Noch keine Totenstarre also. Für Carmen ist es bei solchen Fällen immer wieder schwer zu glauben, dass die Opfer ein paar Stunden zuvor noch quicklebendig waren. Ohne die Wunden, ohne das ganze Blut… In ihrem Kopf spielt sich dann oft eine Zombieparade ab, weil sie die Opfer ja - wie in diesem Fall - nur mit ihren Verletzungen zu Gesicht bekommt.
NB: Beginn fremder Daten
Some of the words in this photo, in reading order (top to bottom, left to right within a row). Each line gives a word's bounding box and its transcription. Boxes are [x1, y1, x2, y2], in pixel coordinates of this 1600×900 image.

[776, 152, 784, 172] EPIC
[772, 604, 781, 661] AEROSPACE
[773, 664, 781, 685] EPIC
Die Vorstellung, dass Monika Rietz mit nach hinten hängendem Kopf in der Küche hantiert, während ihr Mann die Treppe herunterkommt und dabei ein Messer im Brustkorb stecken hat, lässt sich nicht vermeiden. Sie wird aus ihren Gruselgedanken gerissen, als Pomanski nach einer kurzen Redepause wieder das Wort ergreift: „Was bei dem Mann aber gefunden wurde, waren Stofffasern unter den Fingernägeln, womöglich hat er sich gewehrt. Auch diese werden demnächst untersucht. Wenn ihr keine Fragen mehr habt, würden wir die beiden dann einpacken und abtransportieren.“

Einpacken… als wären es irgendwelche Gegenstände, aber in diesem Job muss man wohl so sein. Ein harter Kerl, dieser Pomanski, aber anders wäre seine Arbeit fraglos kaum zu bewältigen.

Carmen und Bernd gehen nach oben und stoßen im Badezimmer auf zwei Leute der Spurensicherung.
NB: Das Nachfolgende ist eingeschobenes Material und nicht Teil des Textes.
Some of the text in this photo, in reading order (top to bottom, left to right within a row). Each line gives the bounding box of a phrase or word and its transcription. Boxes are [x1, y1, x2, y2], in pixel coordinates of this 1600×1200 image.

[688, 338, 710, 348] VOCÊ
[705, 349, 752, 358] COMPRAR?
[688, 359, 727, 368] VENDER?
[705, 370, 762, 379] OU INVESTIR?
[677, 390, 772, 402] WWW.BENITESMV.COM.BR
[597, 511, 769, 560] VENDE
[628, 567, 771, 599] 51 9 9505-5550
Die Begrüßung erfolgt durch ein Kopfnicken, Carmen und Bernd bekommen schon die Antwort zu hören, ehe jemand von ihnen eine Frage stellen kann: „So, Leute, das Schlachthausfeeling hört hier noch nicht auf.“ Einer der beiden Männer zeigt auf die blutverschmierte Badewanne und erklärt das Offensichtliche: „Sieht so aus, als wäre jemand am Rand der Wanne abgerutscht. Wir lassen das Blut mit dem der vorhandenen Leichen vergleichen. Ein paar Haare haben wir auch gefunden. Lang und blond, seht ihr? He, passt bloß auf, dass ihr mir nicht in die Pfützen steigt.“

Carmen und Bernd treten reflexartig zur gleichen Zeit auf das andere Bein, wobei sie sich leicht anrempeln. Carmen entschuldigt sich leise, aber das scheint ihren Kollegen nicht zu kümmern. „Hast du eine Ahnung, was da abgegangen sein könnte?“, fragt er sie stattdessen, worauf sie ihre erste Vermutung ausspricht: „Nun ja, dass sich das Ehepaar nicht gegenseitig umgebracht haben kann, liegt ja wohl auf der Hand. Ich kann mir durchaus vorstellen, dass dem Täter oder der Täterin diese blonden Haare gehören, aber hier liegen gleich mehrere… Das ist beinahe zu auffällig, um es ungeschickt zu nennen.“

„Vielleicht war es der erste Mord… verzeih, Doppelmord des Täters und in der Hektik hat derjenige einfach zu wenig aufgepasst, wo er Spuren hinterlässt.“

„Das bezweifle ich. Das Töten an sich ist schon grauenhaft, aber beim ersten Mal glaube ich nicht, dass man so etwas Widerliches veranstaltet. Anfänger ziehen eher die sichere Version vor: Das Erschießen. Das war kein Anfänger.“ Im nächsten Moment ist sie sich plötzlich nicht mehr so sicher, als Bernd sie anlächelt und sagt: „Du weißt aber schon, dass wir es hier mit der Bestie Mensch zu tun haben?“

Carmen schluckt einen Kloß hinunter und wendet sich ab, indem sie einen Blick in die Badewanne wirft. Wie gerne würde sie jetzt ein Bad nehmen, aber garantiert nicht so eines. „Da ist ja Wasser drin“, stellt sie fest, als sie über den blutverschmierten Rand schaut.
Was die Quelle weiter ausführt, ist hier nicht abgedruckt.